Advirtiendo las miradas lastimeras que apuñalan su pecho, solo desea permanecer en el suelo para toda la vida. Un muchacho procura levantarla sin éxito. Después, otro más se acerca y ambos logran sentarla. Las miradas la siguen lastimando. Más atrás se oyen unos gritos de festejo:

- ¡Amén! ¡Gloria a Dios!

La gente abre paso alrededor de alguien que asombrada empieza a dar sus primeros pasos. Otra muchacha le alcanza las muletas que hacía unos instantes Lucía había dejado caer con toda la ilusión que su alma podía tener. Los tres la ponen de pie, pero su alma sigue tirada en el piso.

Se había equivocado. El milagro no era para ella. La mirada del sanador no iba dirigida a su persona. Su dolor la había confundido. Sus ganas de vivir mejor la habían traicionado. Tampoco Dios la había mirado. Su mirada había seguido de largo en busca de alguien más digna de su amor. Su osadía por creerse elegida del amor de Dios la avergonzaba. La mirada incriminatoria de Dios se sumaba a las de la gente, pero causaba mucho más daño que aquellas. ¿Cómo se le había ocurrido creer que la sanaría a ella? Su fe no era suficiente para que Dios la amara.

- Mujer, tu fe te ha sanado.

Los análisis de textos bíblicos que relatan milagros están llenos de ambigüedades que señalan la cautela que debemos tener. No hay criterios únicos detrás del obrar de Jesús en favor de los enfermos. No siempre se menciona que esperara la fe de la persona a sanar –¿cómo podría pedírsela a una pequeña agonizante, o a la hija que está lejos? (cf. Mr 5:21-43)– Y la fe que señaló de los enfermos no fue esa mirada optimista sobre lo que Dios puede hacer ("Dios de milagros"). No fue aquella mirada ciega que no se permite cuestionar, examinar, aceptar diversos desenlaces...

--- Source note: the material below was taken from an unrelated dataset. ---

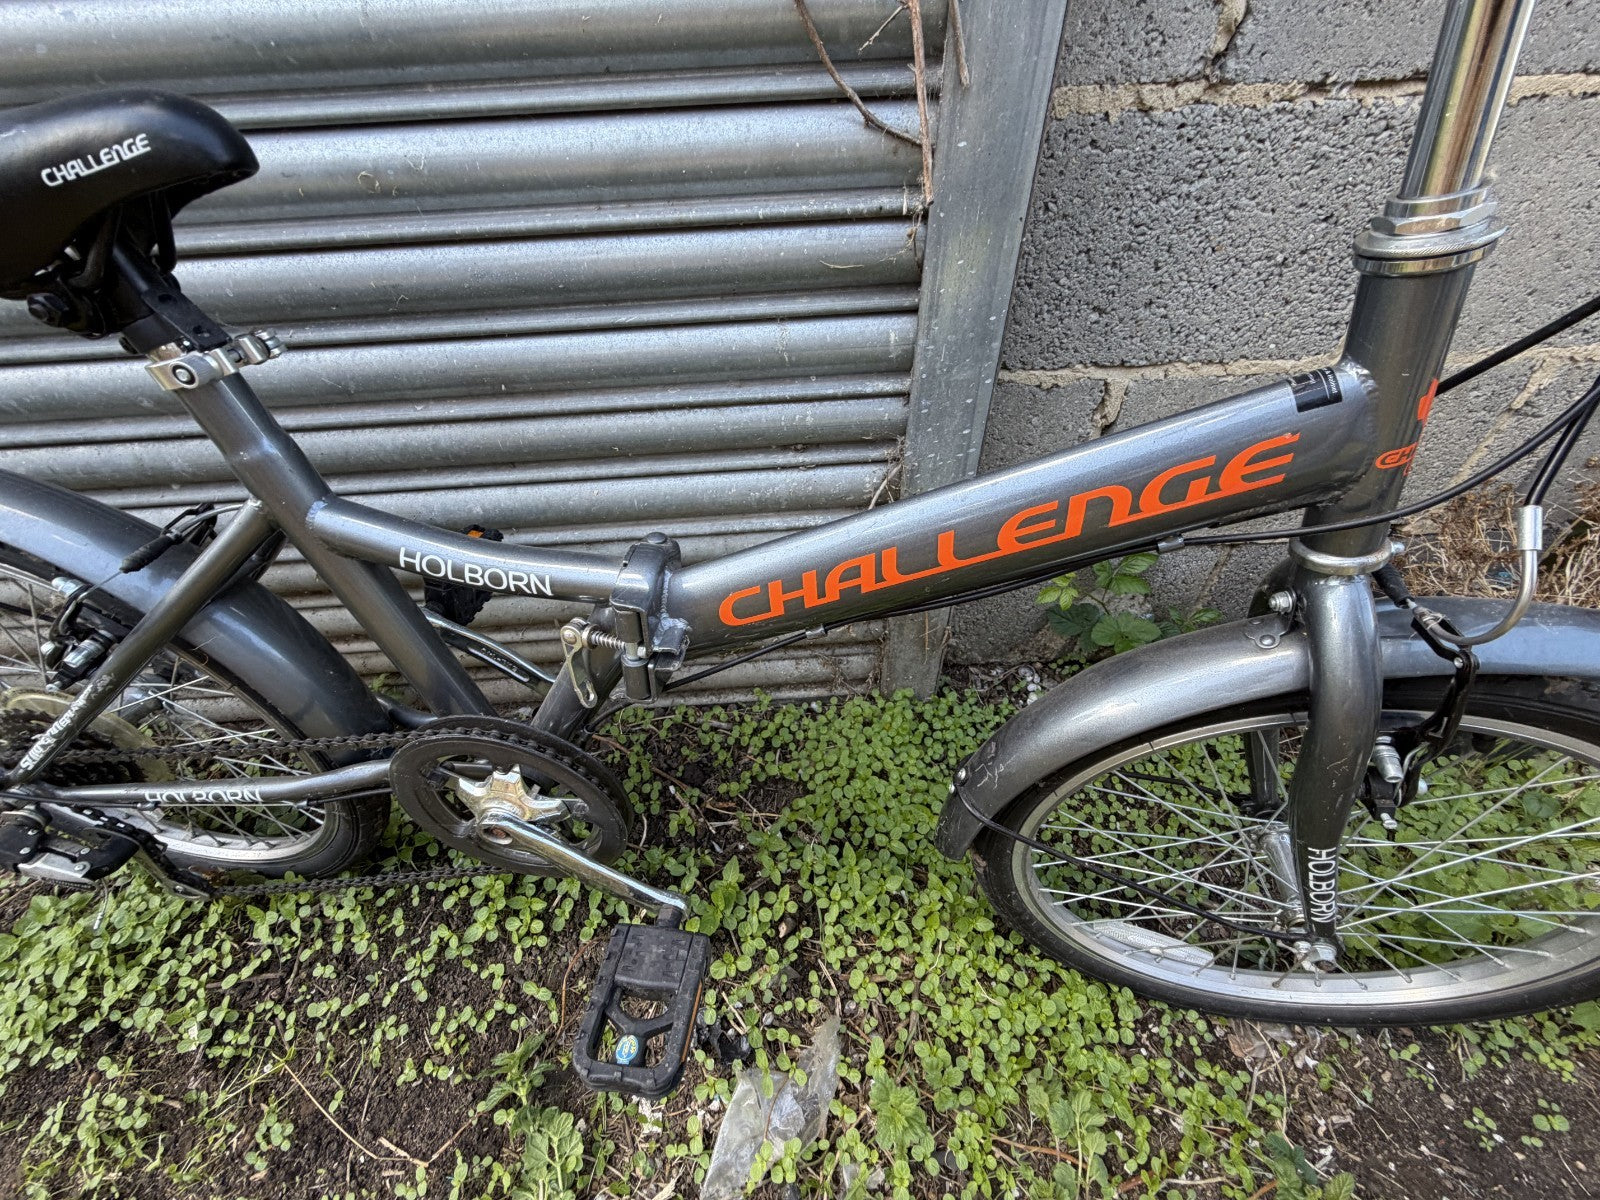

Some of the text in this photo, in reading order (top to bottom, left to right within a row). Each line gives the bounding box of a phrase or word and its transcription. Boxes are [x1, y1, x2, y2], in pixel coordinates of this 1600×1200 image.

[41, 133, 151, 187] CHALLENGE
[719, 432, 1300, 627] CHALLENGE
[399, 546, 554, 597] HOLBORN
[1308, 846, 1337, 923] HOLBORN

Sin embargo, a mi parecer, los relatos de milagros sí señalan una constante que no siempre se señala con la centralidad que debe tener: detrás de cada acción de sanidad o no, el gran amor de Dios está presente (cf. Mt 9:22-36). Ahora bien, el amor de Dios se da en una realidad histórica que, siendo hermosamente compleja, se desarrolla en diferentes maneras, tiempos, condiciones, y aún con diversos actores, por lo que no debe reducirlo al acto de sanación física. Por ejemplo, una persona leprosa que fue marginada social y afectivamente sufrió también el dolor de ser apartada, menospreciada, ofendida... Posiblemente sufrió el abandono de sus seres queridos –véase la cantidad de mendigos y enfermos en los caminos o plazas en las que ministró Jesús, ¿cómo llegaron a esa situación?, ¿cómo llegaban allí? – Quizá vio empobrecer a su familia por gastar sus recursos en cuidar de él o ella. O aún, como podemos ver con varios casos en la Biblia, quizá creció con la idea que Dios lo había castigado o que sufría una maldición divina. Nada de esto se va con la sola sanidad del cuerpo. Ese desamor marca las vidas que lo sufren de forma más profunda de lo que a veces se quiere aceptar.

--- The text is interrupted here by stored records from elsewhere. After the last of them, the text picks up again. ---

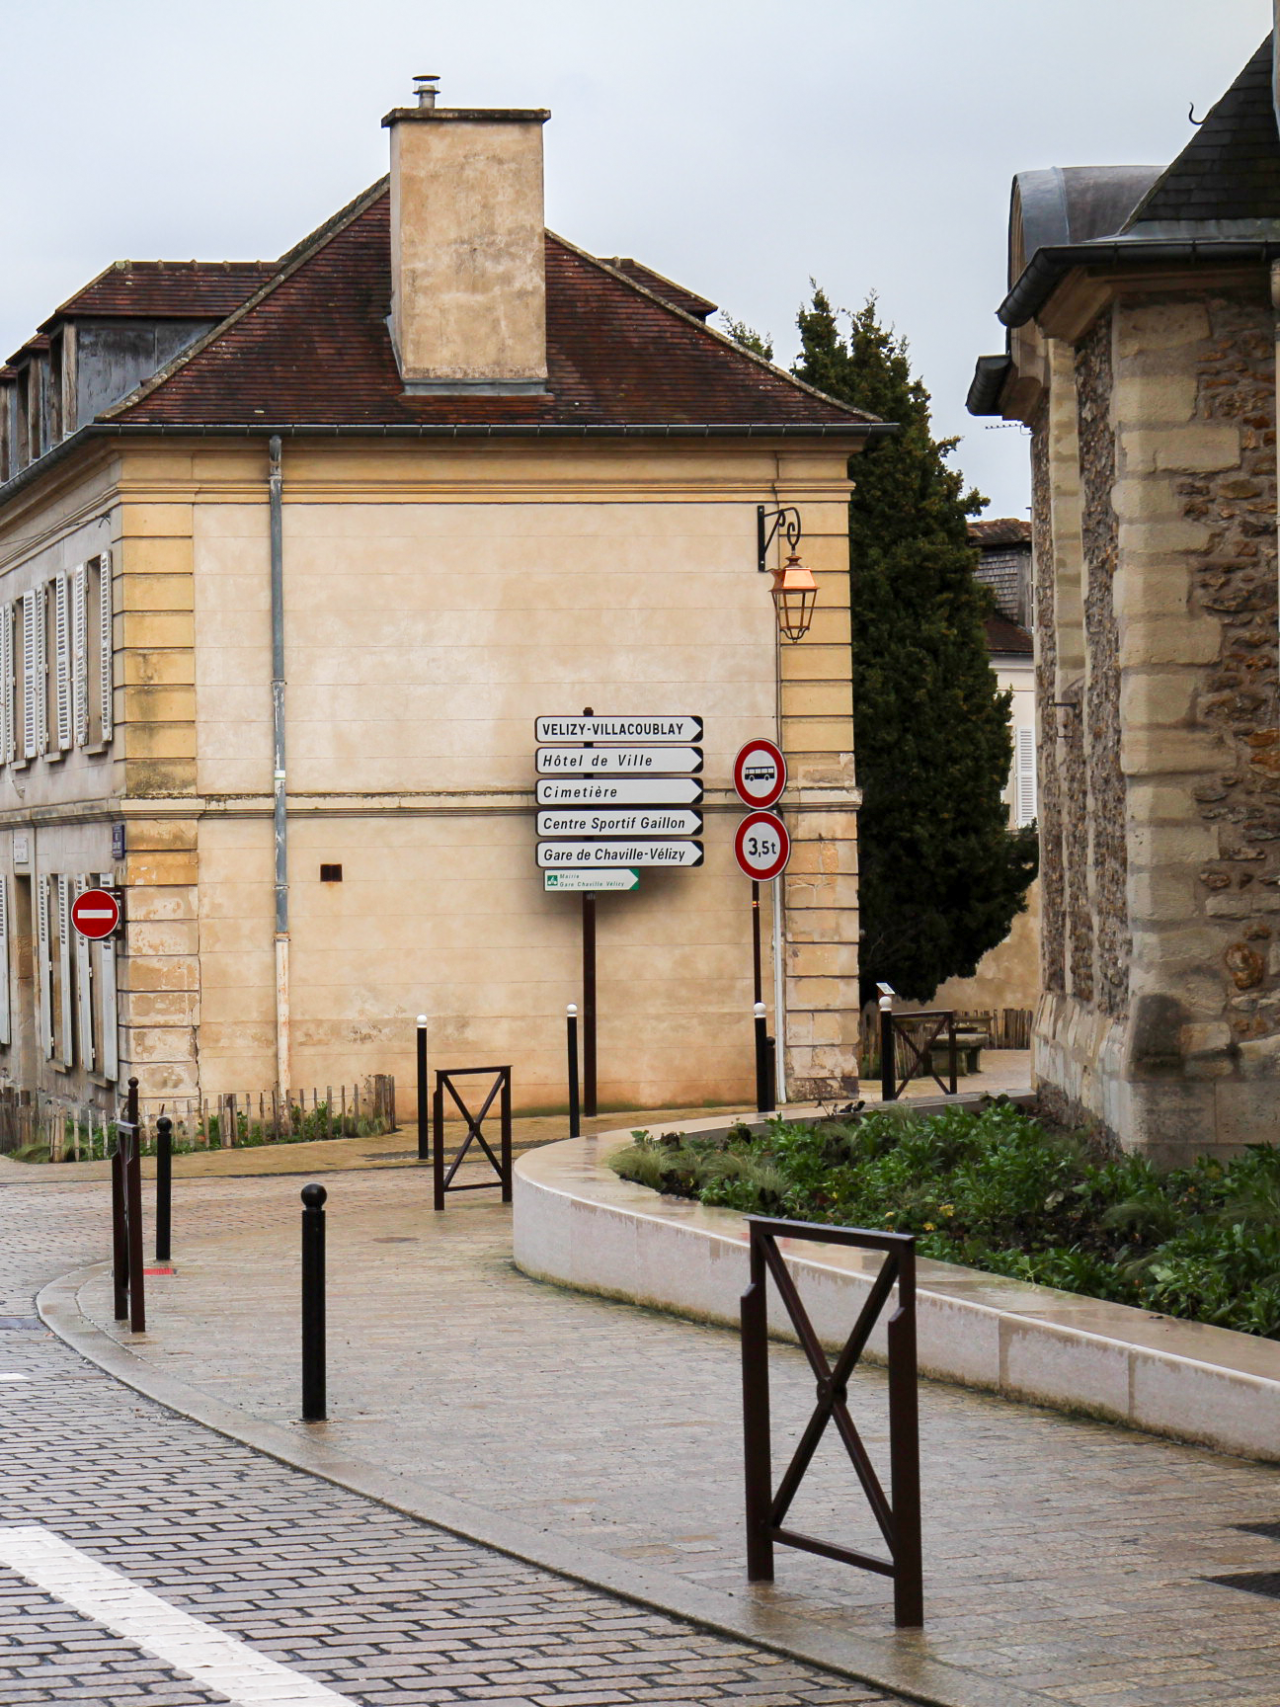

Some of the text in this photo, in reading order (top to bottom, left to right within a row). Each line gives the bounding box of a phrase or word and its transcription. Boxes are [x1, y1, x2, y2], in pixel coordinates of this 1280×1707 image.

[542, 723, 684, 735] VELIZY-VILLACOUBLAY
[543, 754, 652, 766] Hôtel de Ville
[543, 786, 617, 798] Cimetière
[543, 817, 685, 832] Centre Sportif Gaillon
[544, 848, 685, 862] Gare de Chaville-Vélizy

Si el amor de Dios se agotara en sus acciones de sanidad, entonces, podría decirse que no ama a quienes no sana. Y si fuese así, entonces, ¿qué amor sería ese? Si solo ayudara a quienes tienen fe en él, ¿no sería una gran contradicción hacia la enseñanza aquella que debemos de hacer el bien "aún" a nuestros enemigos? (cf. Mt 5:38-48). Pero también debemos de observar un detalle: el amor de Dios que conocemos por Jesús está vinculado a la vida plena, abarca todas las áreas del ser humano. Así, su acto sanador y restaurador muchas veces comenzó por la salud psíquica, por la restauración social, por los afectos, así como también, por un llamado a dejar el individualismo e involucrarse en acompañar a otros hacia el logro de una vida plena. Y aunque Dios no limita su obrar al obrar humano, muchas veces involucra a sus seguidores en el proceso de ayudar a otros a vivir plenamente. Así, su amor se expresó mucho más allá que la sanidad física inmediata y, sin dejarla a un lado, en otros casos inició el proceso de vida plena para la humanidad desde otros aspectos y con diversos agentes.

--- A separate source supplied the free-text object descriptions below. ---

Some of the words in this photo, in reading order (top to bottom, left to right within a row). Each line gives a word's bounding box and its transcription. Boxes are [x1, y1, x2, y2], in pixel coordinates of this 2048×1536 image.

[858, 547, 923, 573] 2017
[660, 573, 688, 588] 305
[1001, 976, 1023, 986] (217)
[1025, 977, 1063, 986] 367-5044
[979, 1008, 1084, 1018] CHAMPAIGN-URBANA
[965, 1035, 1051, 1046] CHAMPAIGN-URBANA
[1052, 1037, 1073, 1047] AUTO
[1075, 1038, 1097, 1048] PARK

Otro aspecto que debe contemplar el milagro, y de esto cada vez se habla menos, es la unión entre la vida presente y la futura. Dios nos ha llamado a la vida eterna después de esta vida, así nos ve, como quienes estaremos desde hoy mismo para siempre a su lado (Jn 3:16; especialmente, Jn 15:1 y ss). Quienes creemos en el Señor estamos invitados a ocupar las moradas que él tiene preparadas para nosotros. Que un milagro no se de inmediatamente en el tiempo presente no significa que Dios nos ha olvidado, o aún, que no sea capaz de darnos plenitud de vida. Sucede que estamos en un largo camino que por un tiempo puede atravesar situaciones muy adversas y dolorosas, pero que en Dios podemos saber que se superarán. El obrar de Dios trasciende el mundo presente. Su visión de la vida y su actuar superan nuestras capacidades, y, sin embargo, por sus milagros podemos saber que su voluntad es agradable y perfecta, que se realizará plenamente en su tiempo.

Los milagros no son la constante del obrar de Dios de este mundo. Él no es, en ese sentido, un Dios de milagros, como algunos dicen. Su poder no se manifiesta básicamente en sus actos milagrosos, sino en su amor. Los milagros son señales de este amor, pero no son la única señal. En ese sentido también son incompletos, ya sea porque no suceden en todos los casos como también porque la salud física –que sí es importante– no lo es todo en este mundo ni en el venidero. No es la única salud que necesitamos para vivir en plenitud. Por eso nuestras historias, que llevan consigo diferentes muletas para sostenernos, no son menores ni olvidadas por Dios porque no podamos caminar sin ellas. Lo que evidencian es que se viene algo superador, que quizás el problema no está en no poder caminar sin ellas sino el formar parte de un mundo que nos hace sentir menos porque las precisamos. Pero llegará el día en que no precisaremos milagros, porque todo nuestro ser: cuerpo, alma, espíritu, mente, sentimientos, será renovado en plenitud, y gozaremos de la vida en armonía con Dios y los suyos.